Search

The Joys of Inclusion

Yesterday, I was lucky enough to go to see ABBA Voyage at the ABBA Arena in Stratford, London, UK.




I had bought the tickets off of a lovely lady I met in a group for people with disabilities; I was a little concerned about transferring them, and how easy things would be.


Well, I really couldn’t have asked for anything better!


The ticket transfer was simple and painless; TicketMaster were incredibly helpful. And they emailed to confirm everything the day before the show! I also loved that my plus one was referred to as my companion, and not my carer; yes, my partner does have to care for me sometimes but, going to an event where I could just refer to him as my companion, making it feel more like a date with him, rather than being with the person who has to help me up and down stairs (and many other things), was much more preferable.


I saw that I could get Blue Badge parking. I haven’t had my badge long, even though I have been disabled all of my life; I was reticent to apply for one, due to my own internalised ableism, and thinking I just wasn’t “disabled enough”, but, having had it for a few weeks now, oh my goodness!! I love it!


In non-disabled parking spaces, I would have to put one leg out of the passenger door at a time, twisting my hips and back, causing twinging and spasming, and more so if it was a cramped space; my left side is usually worse, so it would put extra pressure on my arm and shoulder as I maneuvered. Being able to park in disabled spots is so much better! I can swivel my whole body around a quarter turn left, putting both feet down at the same time, and use my right arm on the top of the door to pull myself to standing. It hurts so much less! And there’s space to wiggle in! There’s no trying to squeeze between cars, making sure my stick doesn’t touch anything but the floor. Brilliant!


Anyway, I booked the Blue Badge parking (which is free!) at the ABBA Arena. I was expecting to just be in a spot, a little closer to the door, and I would have been okay with that. But, oh no! This is an experience!
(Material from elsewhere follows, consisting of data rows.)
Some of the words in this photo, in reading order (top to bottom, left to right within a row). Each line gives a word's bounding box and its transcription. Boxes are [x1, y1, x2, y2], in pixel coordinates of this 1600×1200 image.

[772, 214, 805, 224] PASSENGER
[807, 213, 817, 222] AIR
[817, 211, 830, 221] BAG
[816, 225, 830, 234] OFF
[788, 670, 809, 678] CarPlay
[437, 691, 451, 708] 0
We followed signs to the disabled parking area, and every staff member we passed on the way was lovely and helpful, giving us directions (they were very simple directions, which is good). We got to a shut gate; I held up my badge with a smile and we were greeted with bigger smiles and welcoming beckons to come on through.


As we were getting out of the car, a delightful young man came over to us, introduced himself (Wonderful WIlliam; I added the wonderful), and said he and his colleagues were there to help our day go smoothly. He escorted us the very short distance to the entrance; then got us through bag and ticket checks quickly, before showing us into the foyer. He pointed out where everything was, told us where to go to get to our seats, and said he would be around at the beginning of the show if there was anything we needed assistance with. We thanked him profusely and went to find food.
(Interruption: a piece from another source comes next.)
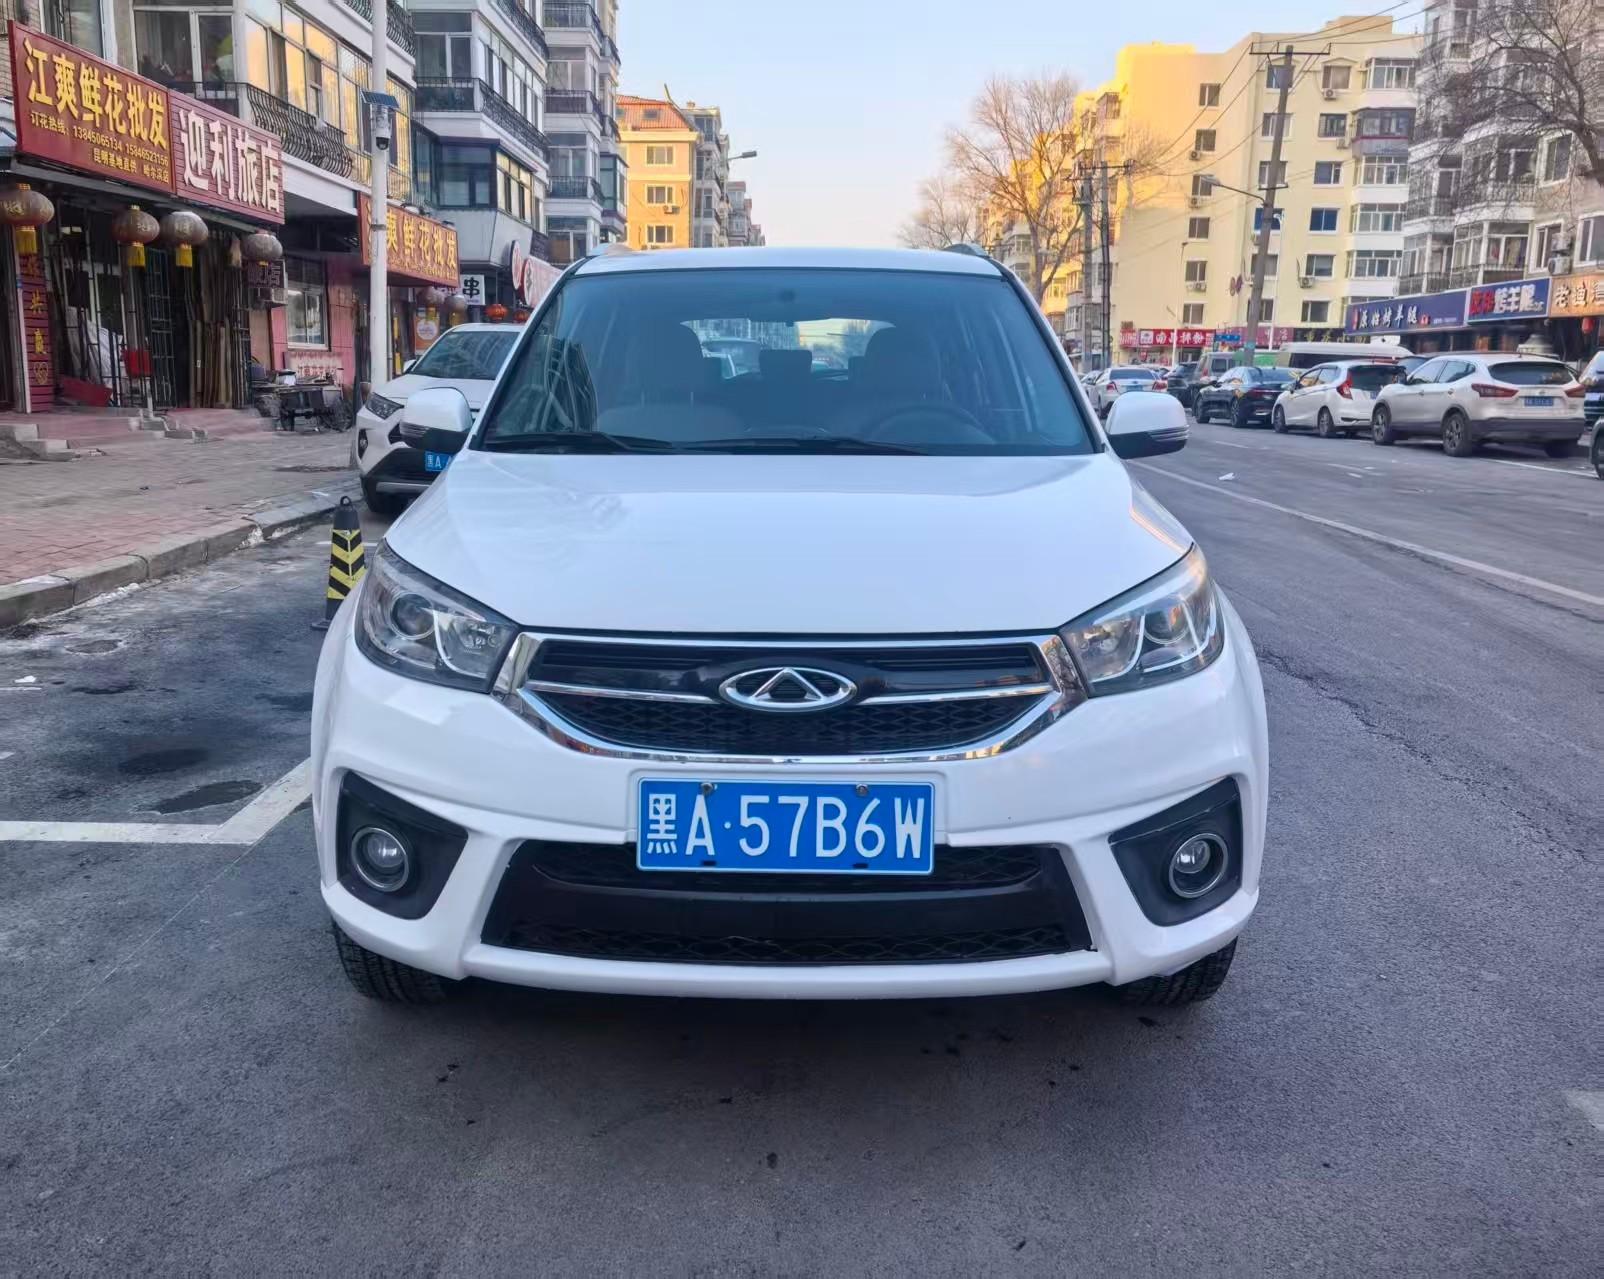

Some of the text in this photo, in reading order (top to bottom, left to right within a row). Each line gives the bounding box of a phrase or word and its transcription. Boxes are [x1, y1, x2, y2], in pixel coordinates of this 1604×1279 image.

There were hardly any queues at the food stands (we went to a 3pm show, which might make a difference) and the lovely person behind the counter made sure I got my vegan hot dog the way I wanted it (no mustard).
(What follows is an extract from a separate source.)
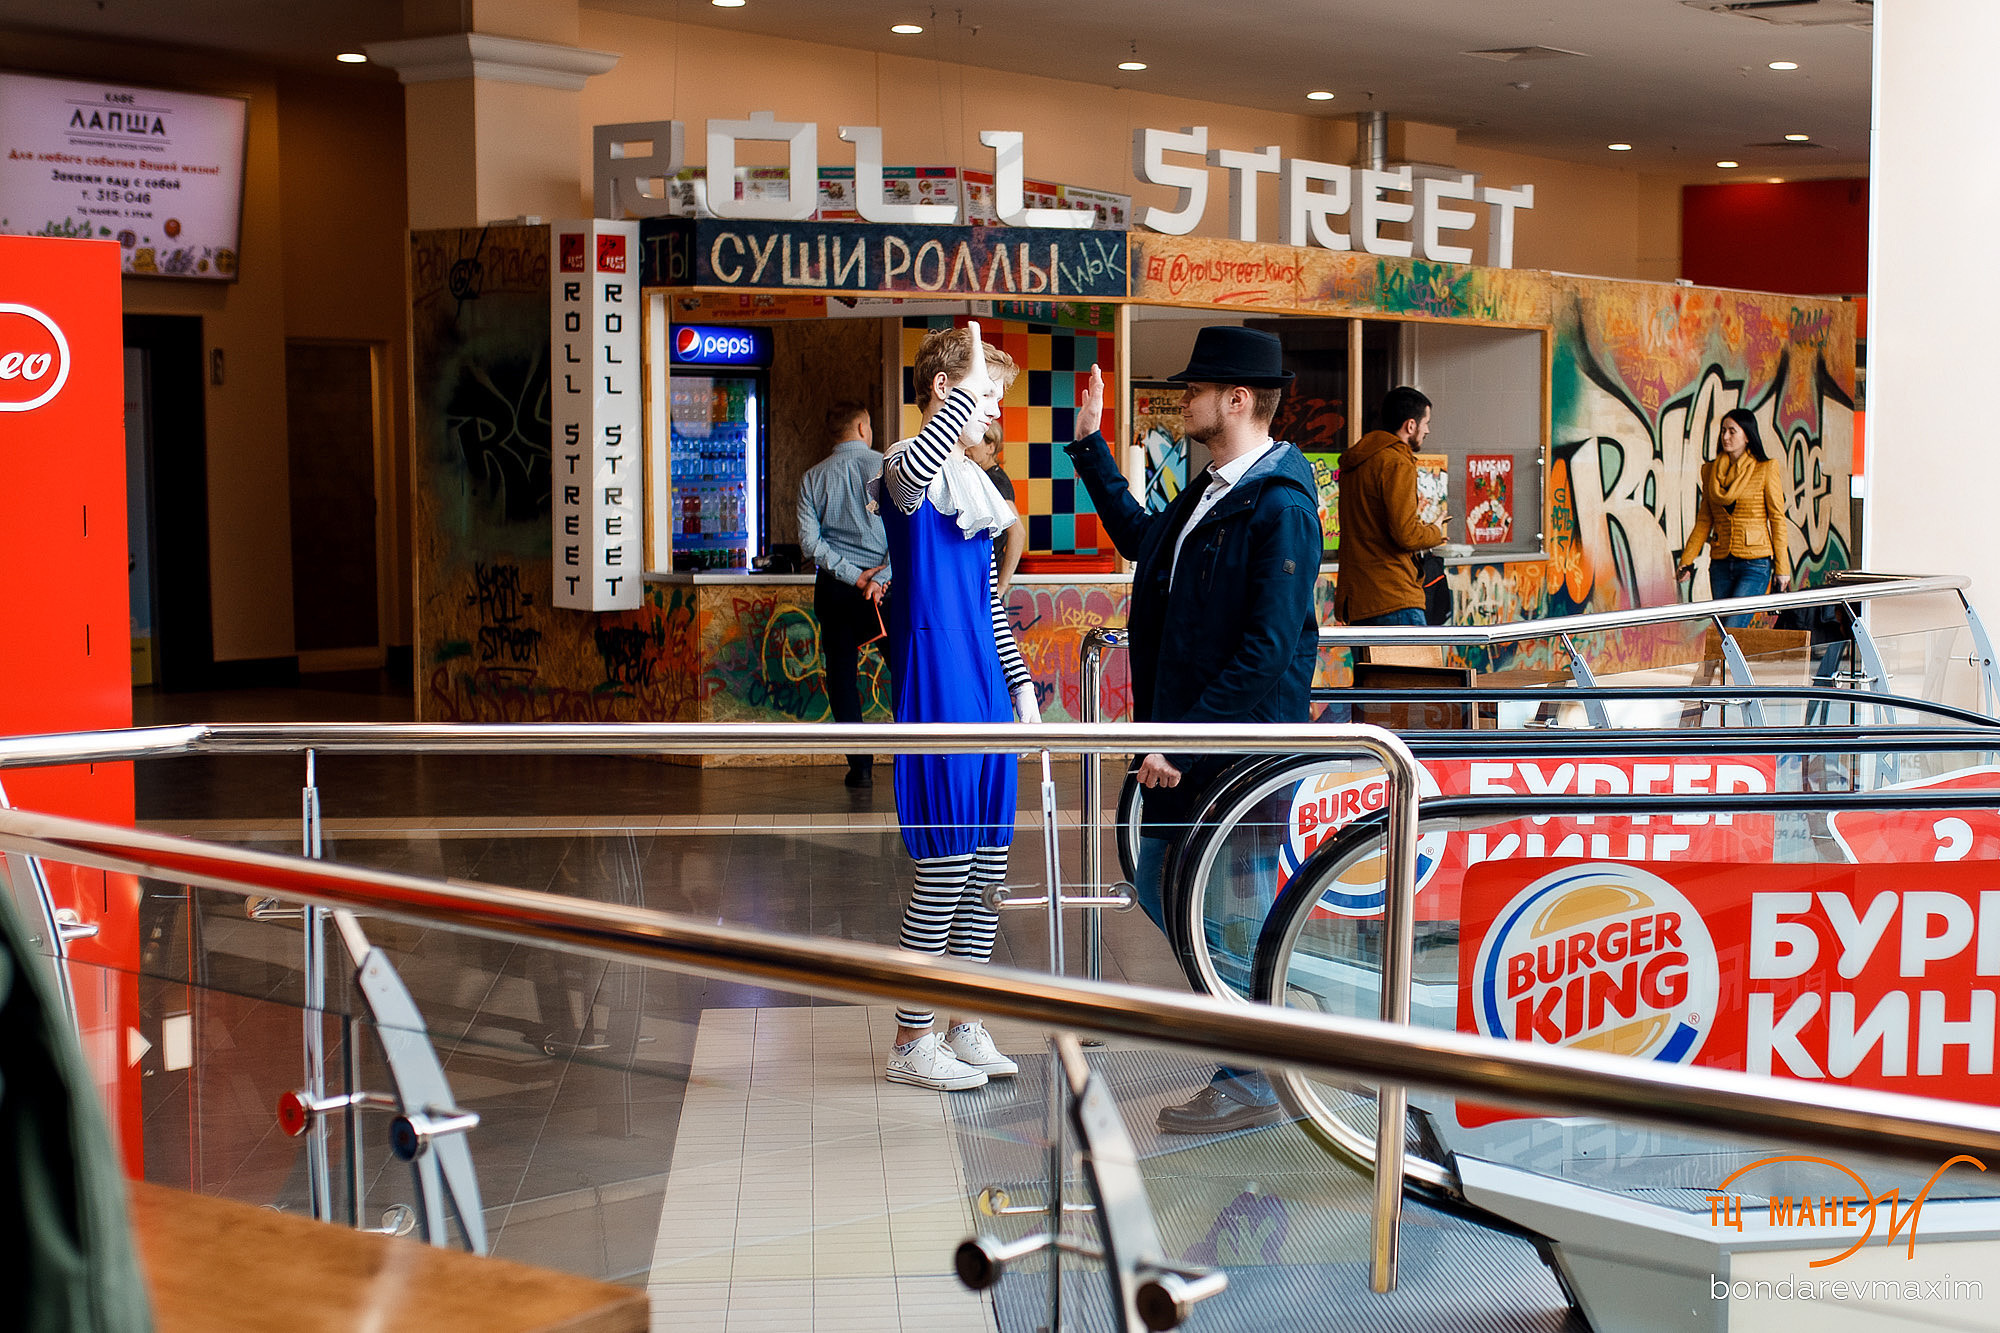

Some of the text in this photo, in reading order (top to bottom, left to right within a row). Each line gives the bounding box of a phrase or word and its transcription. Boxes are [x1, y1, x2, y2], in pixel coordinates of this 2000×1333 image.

We looked for somewhere to sit. This is one of the few issues we had but it has absolutely nothing to do with the venue or the organisers, but more to do with inconsiderate audience members. Although there was quite a bit of seating, nobody offered it to me, or anyone else that was using a walking stick; myself and another lady propped ourselves up against a wall (to be fair, it was a higher standard of wall).


When we had finished eating, we went to the shop. A very tall couple knocked into me a little, then stepped in front, jumping the queue; again, audience inconsideration, rather than anything at all to do with the event. Sometimes, I would say something but I was in such a good mood, and so excited to be there, I just did a simple gratitude mantra of being grateful I am me and not someone who would step on others - literally!- to get ahead.




I generally have a policy when using the toilet that, if the toilets are on the same floor, I will use the mainstream ones, as I can get in a cubicle with my stick; however, on doing that the first time, there was a long queue, so the other times I used a disabled loo. I would say that the sound of flushes from close by toilets seems to be louder in the disabled toilets, so something to be aware of if there are any sensory processing issues.


We went into the auditorium.


We couldn’t quite work out where our seats were so we went down a few shallow (so much better for me) steps to ask a member of staff where they were; he apologised for making me walk down steps! It was very kind of him but it was entirely our fault that we couldn’t work it out; he then escorted us back up the few steps and took us to our seats, reassuring me I wouldn’t have to walk up or down another step in the venue afterwards.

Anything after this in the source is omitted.